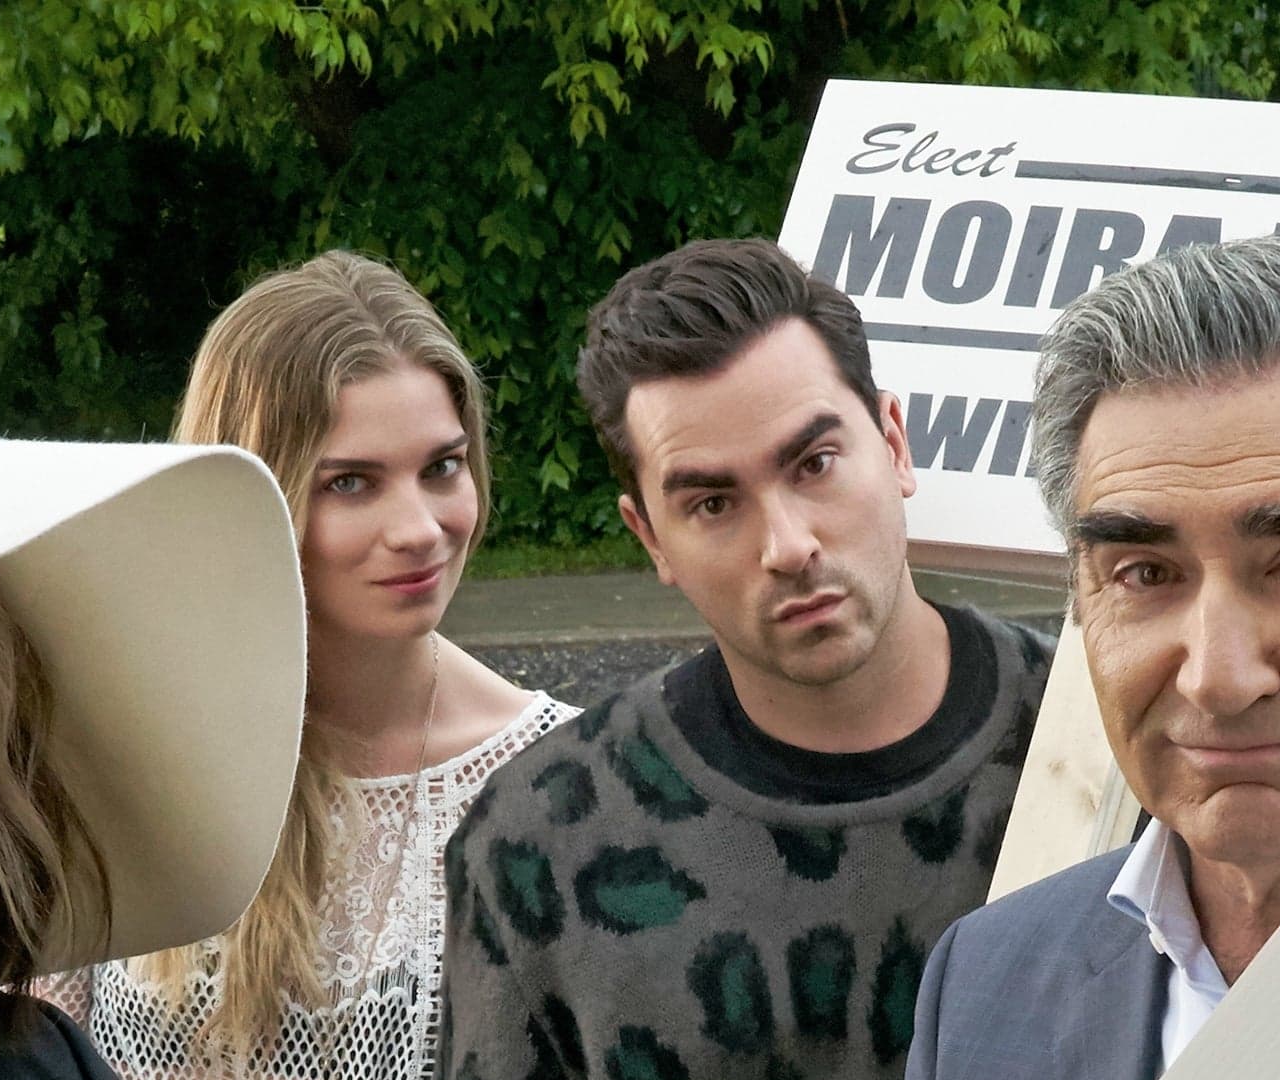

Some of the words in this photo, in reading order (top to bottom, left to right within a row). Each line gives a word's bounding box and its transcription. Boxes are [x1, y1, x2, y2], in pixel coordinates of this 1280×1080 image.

[846, 123, 1017, 178] Elect
[809, 194, 1223, 309] MOIR
[905, 392, 1038, 478] wn
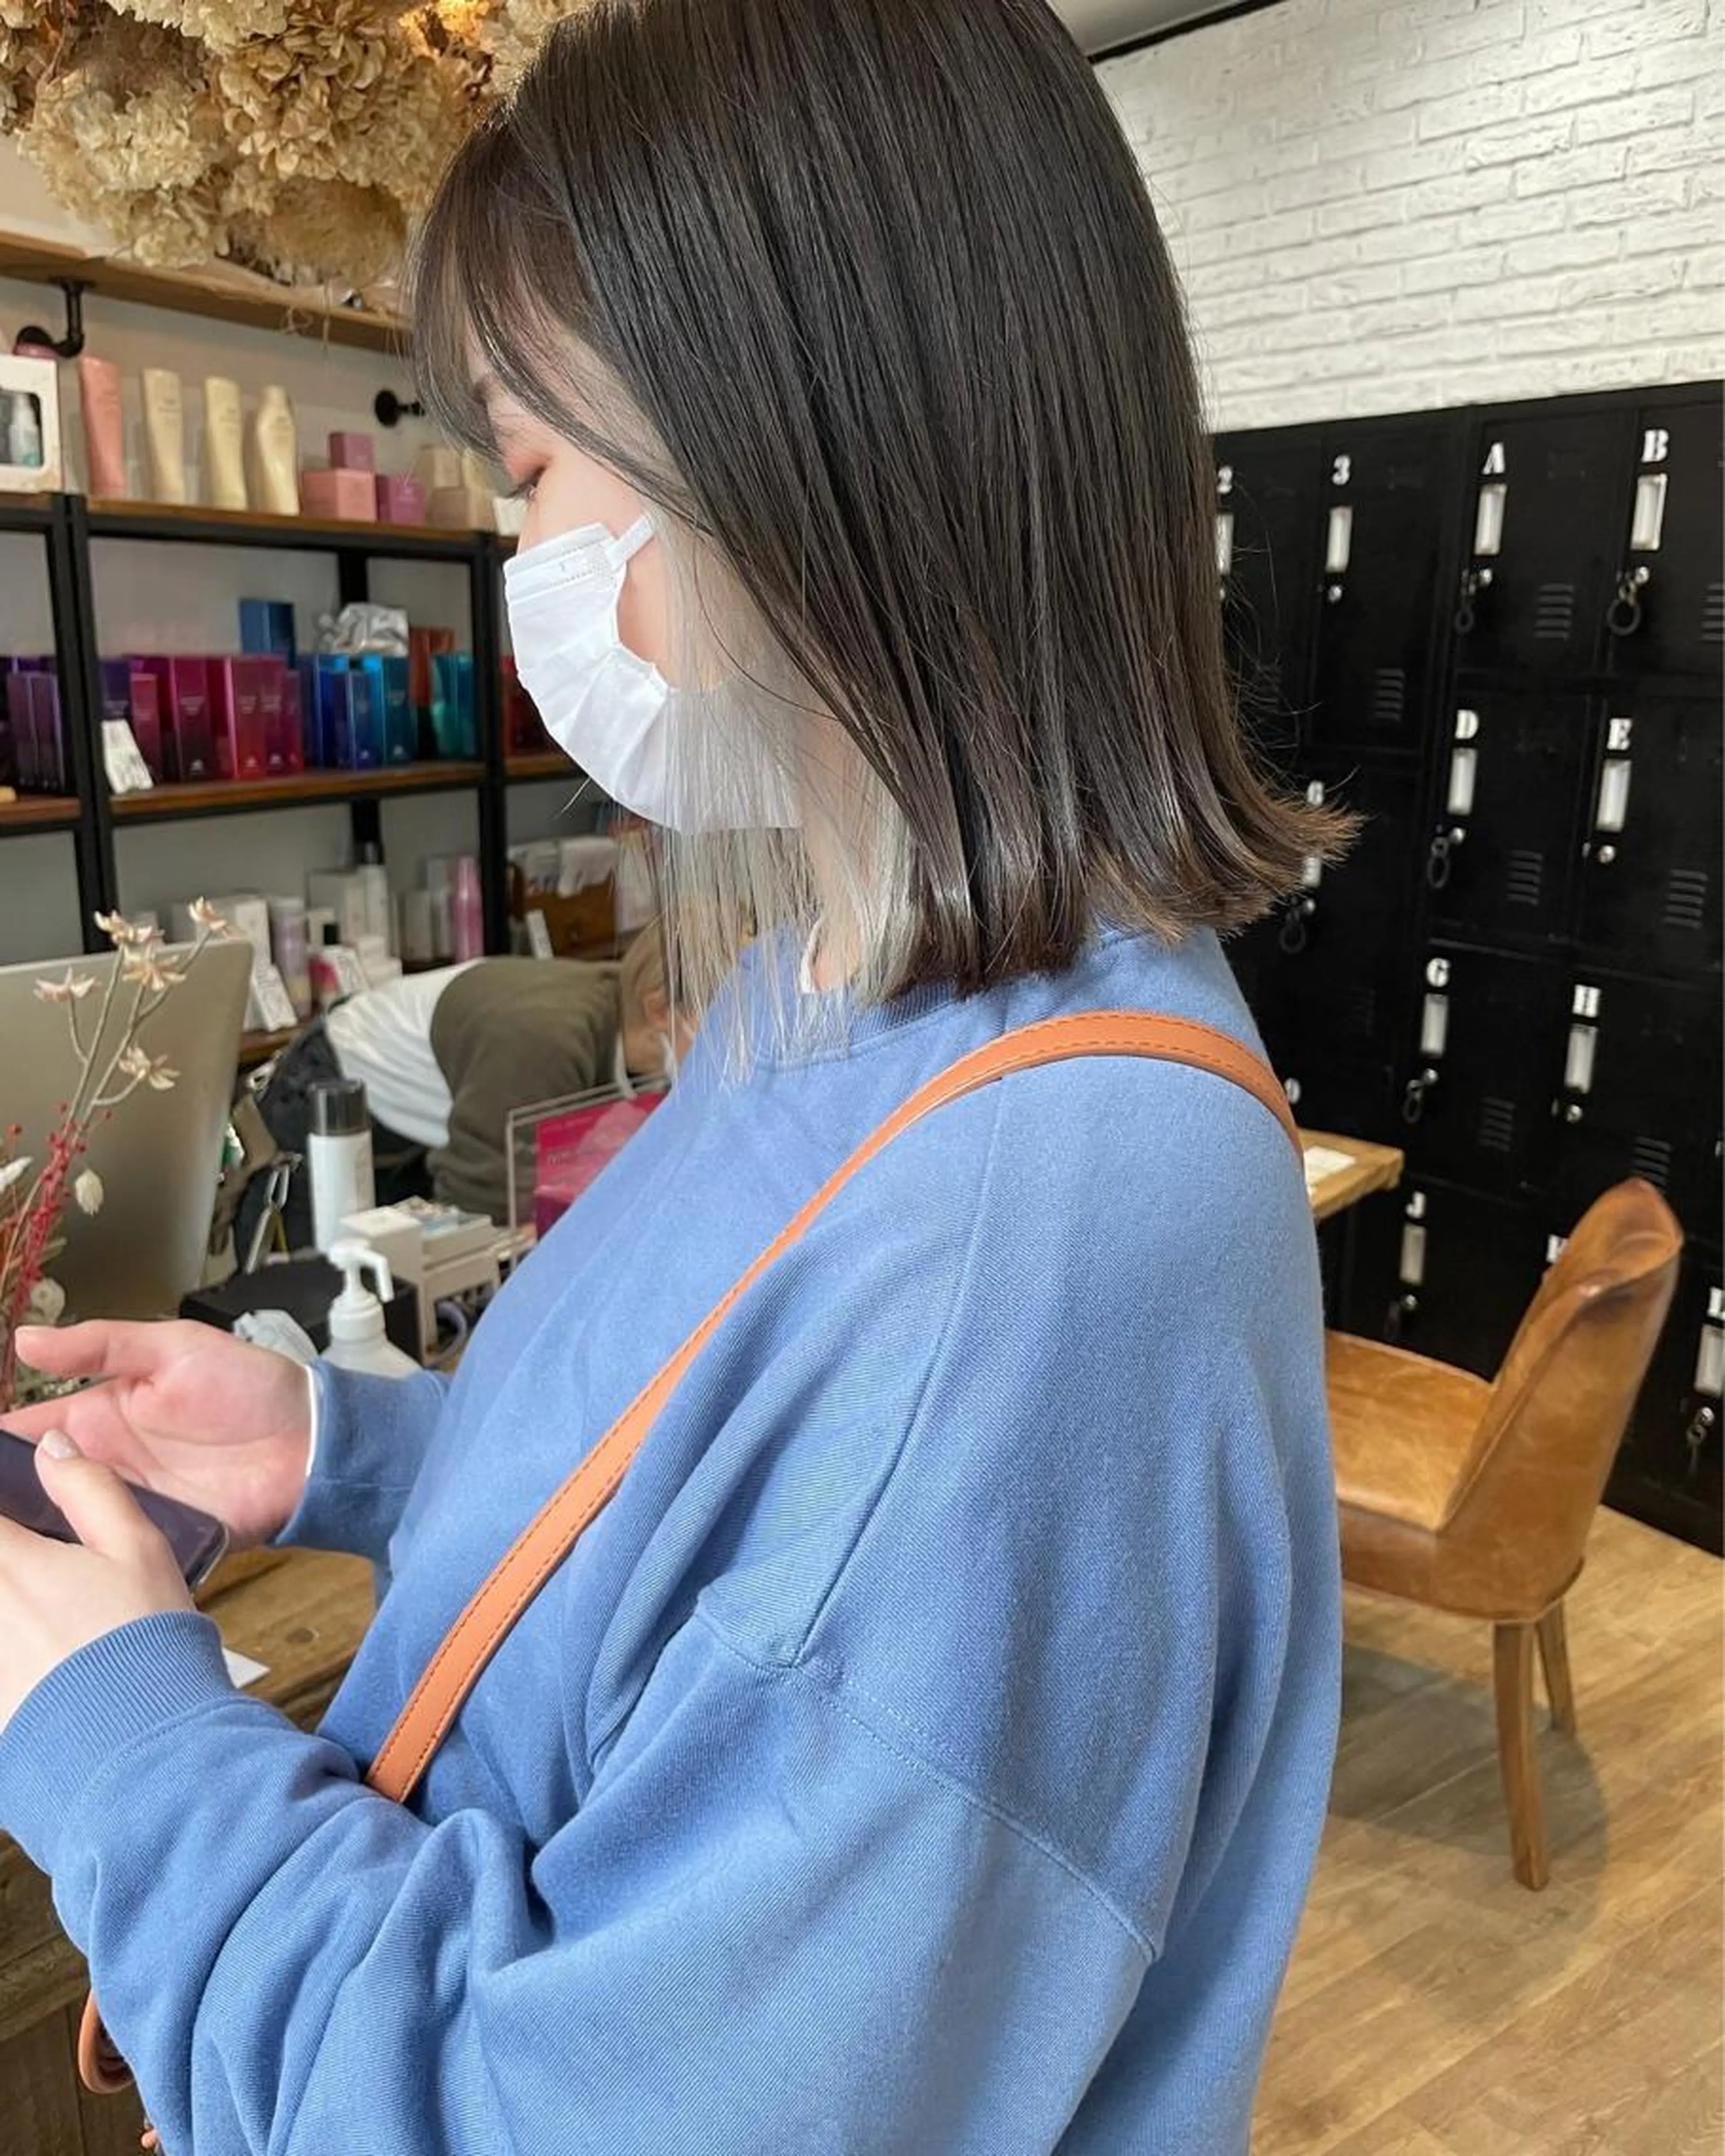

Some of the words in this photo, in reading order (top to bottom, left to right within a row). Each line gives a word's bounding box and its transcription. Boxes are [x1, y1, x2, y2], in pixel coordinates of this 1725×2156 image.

[1482, 442, 1505, 474] A
[1641, 429, 1669, 463] B
[1217, 466, 1233, 494] 2
[1332, 455, 1351, 485] 3
[1455, 709, 1479, 739] D
[1607, 718, 1632, 751] E
[1426, 958, 1451, 987] G
[1572, 984, 1601, 1018] H
[1406, 1191, 1425, 1218] J
————
[Exercise]:
Images in the records should not be copied. Repeat all the rest exactly.

[Reply to the task]:
Some of the words in this photo, in reading order (top to bottom, left to right within a row). Each line gives a word's bounding box and its transcription. Boxes are [x1, y1, x2, y2], in pixel coordinates of this 1280×1080 image.

[846, 123, 1017, 178] Elect
[809, 194, 1223, 309] MOIR
[905, 392, 1038, 478] wn

Some of the words in this photo, in reading order (top to bottom, left to right within a row). Each line gives a word's bounding box and its transcription. Boxes are [x1, y1, x2, y2], in pixel coordinates of this 1725×2156 image.

[1482, 442, 1505, 474] A
[1641, 429, 1669, 463] B
[1217, 466, 1233, 494] 2
[1332, 455, 1351, 485] 3
[1455, 709, 1479, 739] D
[1607, 718, 1632, 751] E
[1426, 958, 1451, 987] G
[1572, 984, 1601, 1018] H
[1406, 1191, 1425, 1218] J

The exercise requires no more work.